_Image-backed grounding data_:
# # # #

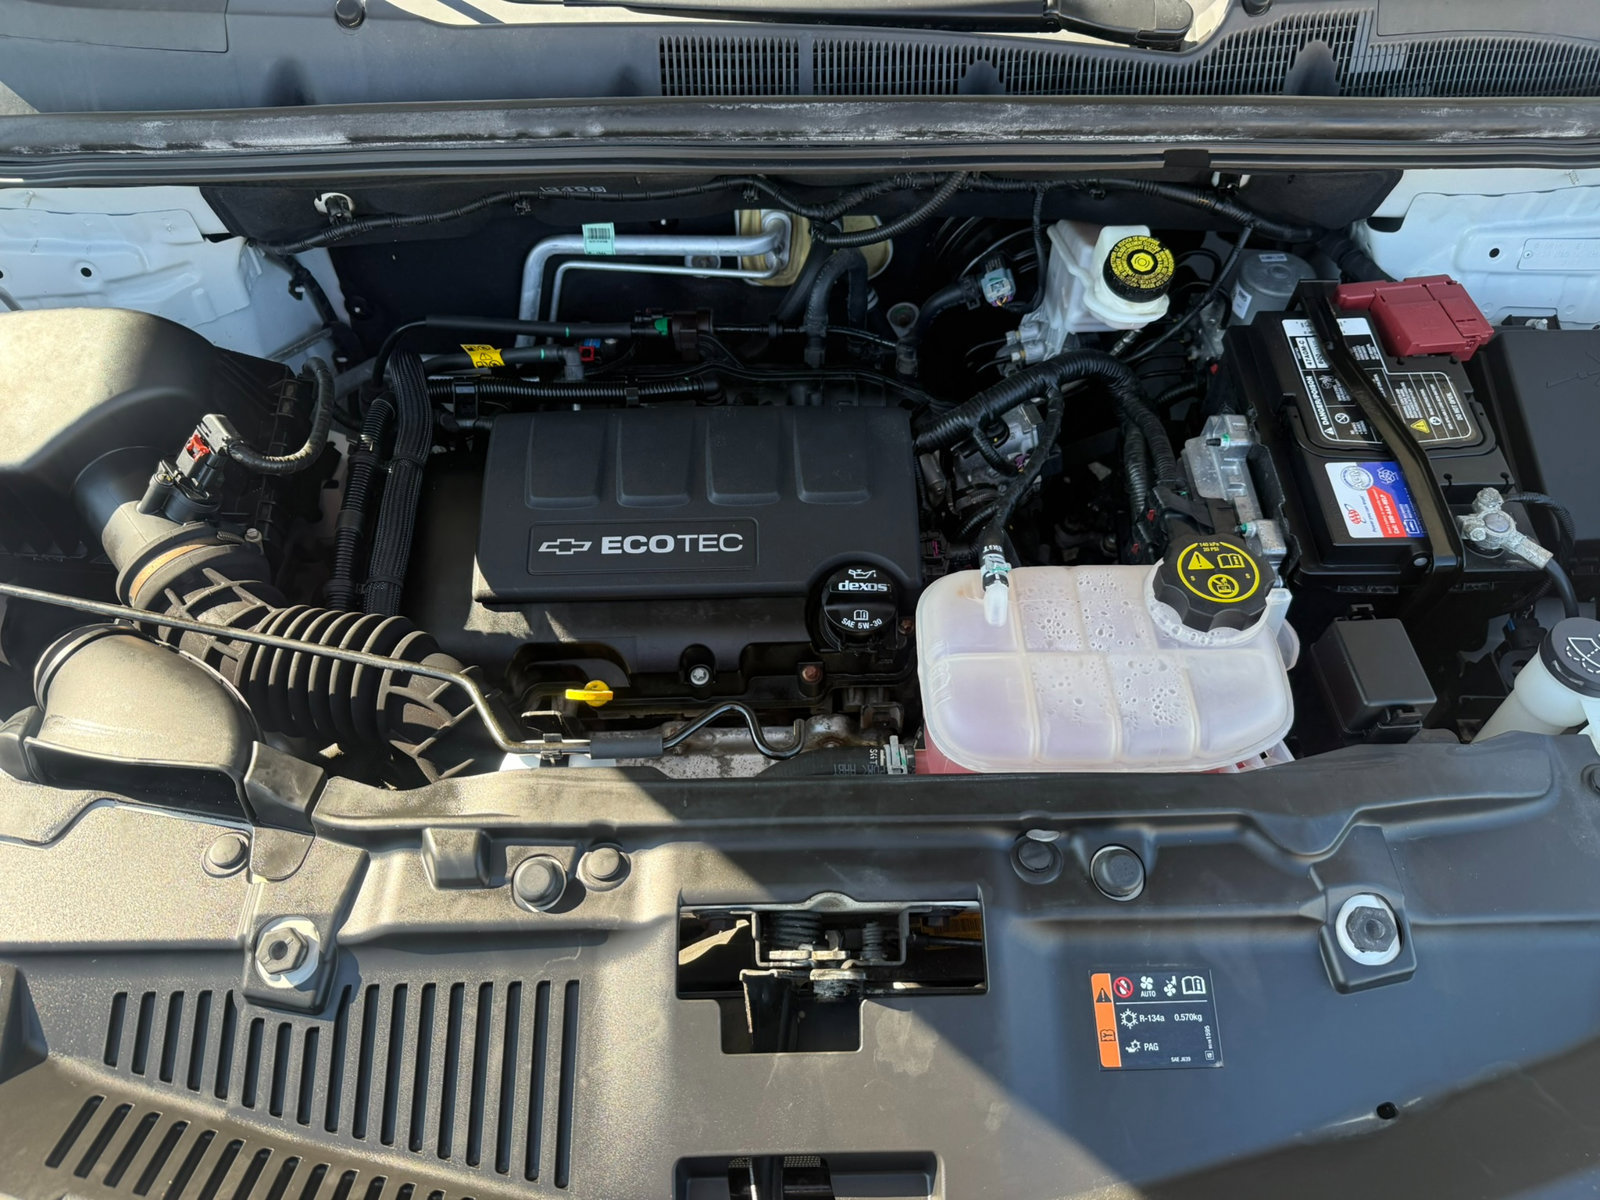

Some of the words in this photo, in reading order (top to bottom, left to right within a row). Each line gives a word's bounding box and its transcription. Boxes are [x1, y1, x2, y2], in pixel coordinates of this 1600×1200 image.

[1306, 375, 1330, 426] DANGER/POISON
[601, 533, 744, 555] ECOTEC
[838, 580, 888, 592] dexos
[841, 617, 856, 629] SAE
[857, 618, 883, 630] 5W-30
[1140, 990, 1156, 998] AUTO
[1139, 1014, 1165, 1022] R-134a
[1174, 1013, 1203, 1022] 0.570kg
[1144, 1043, 1159, 1051] PAG
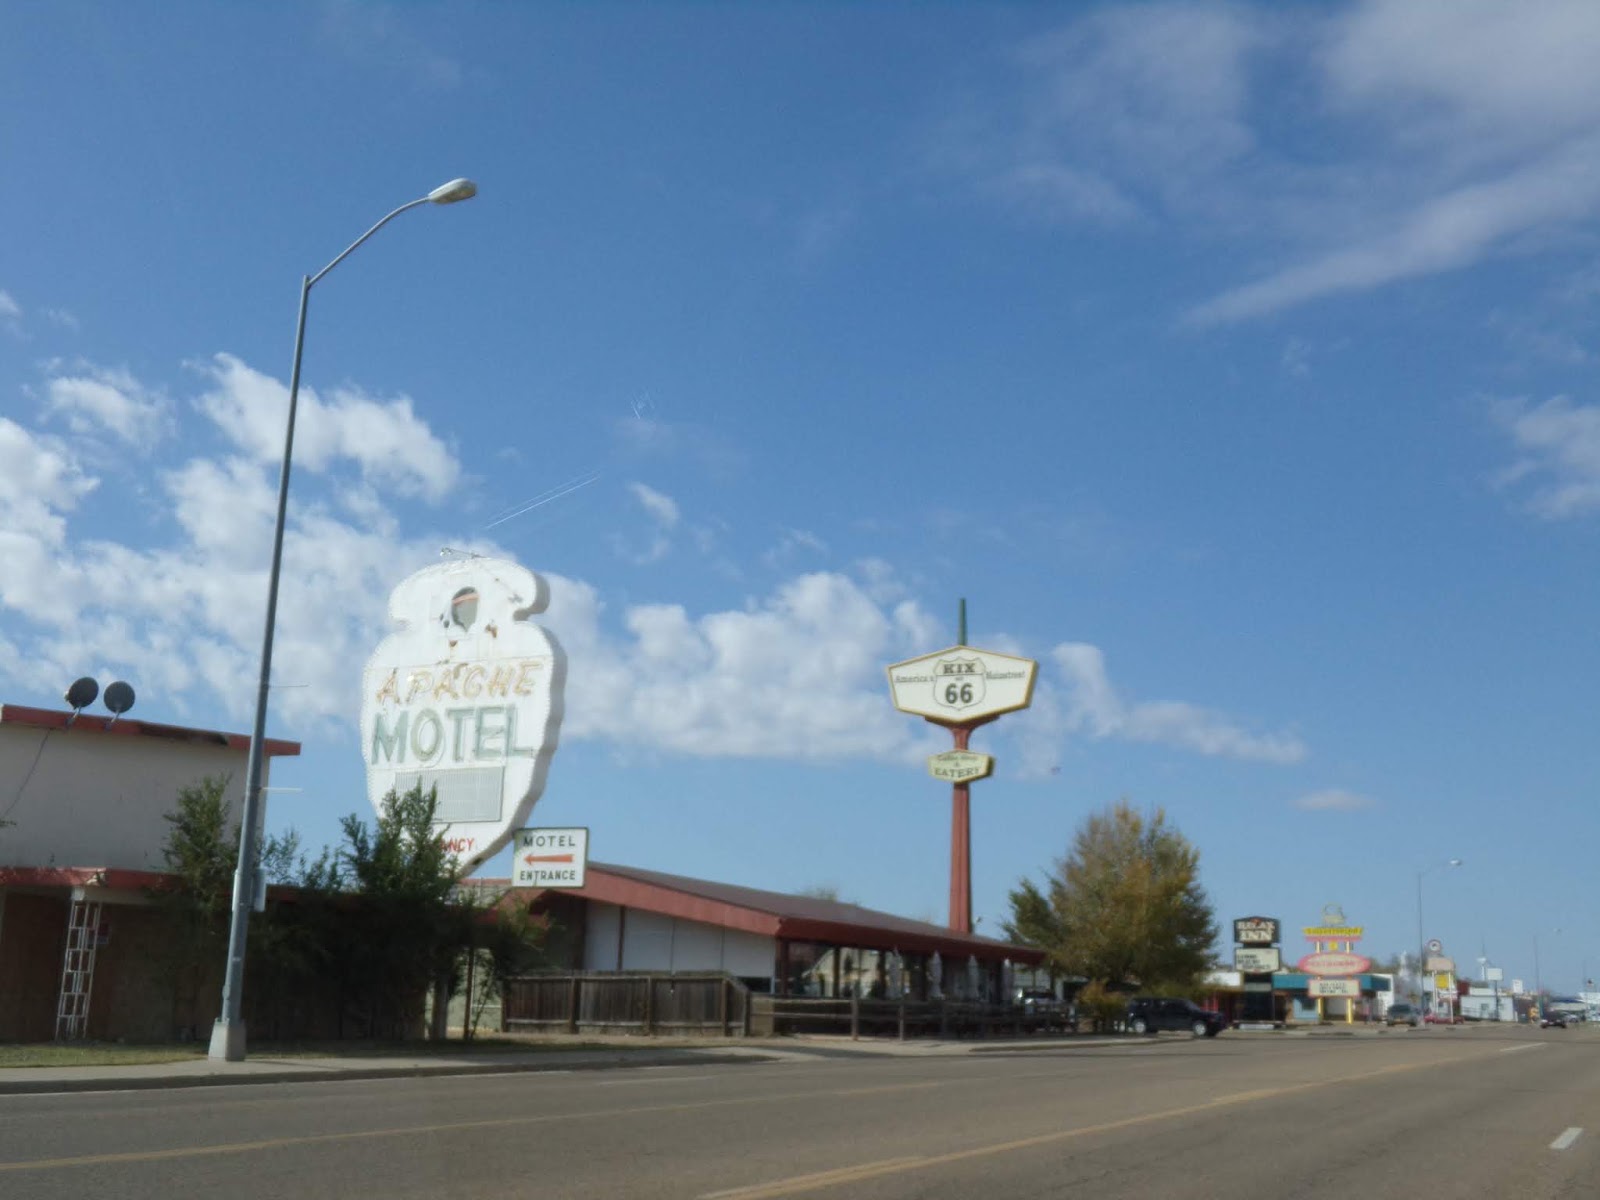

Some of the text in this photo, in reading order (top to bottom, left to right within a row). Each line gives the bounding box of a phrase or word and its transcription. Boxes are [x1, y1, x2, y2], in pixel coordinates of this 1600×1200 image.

# # # #

_Instructions to follow_:
In the copy, no picture may appear; the records themselves must be output exactly.

_Output for this exercise_:
Some of the words in this photo, in reading order (top to bottom, left to right within a row). Each line gives a word's bounding box and its transcription. Boxes are [x1, y1, x2, y2], in pixel coordinates of this 1600×1200 image.

[1306, 375, 1330, 426] DANGER/POISON
[601, 533, 744, 555] ECOTEC
[838, 580, 888, 592] dexos
[841, 617, 856, 629] SAE
[857, 618, 883, 630] 5W-30
[1140, 990, 1156, 998] AUTO
[1139, 1014, 1165, 1022] R-134a
[1174, 1013, 1203, 1022] 0.570kg
[1144, 1043, 1159, 1051] PAG

Some of the text in this photo, in reading order (top to bottom, left to right within a row). Each line gives the bounding box of a phrase or word and its transcription. Boxes are [x1, y1, x2, y2], in pixel coordinates of this 1600×1200 image.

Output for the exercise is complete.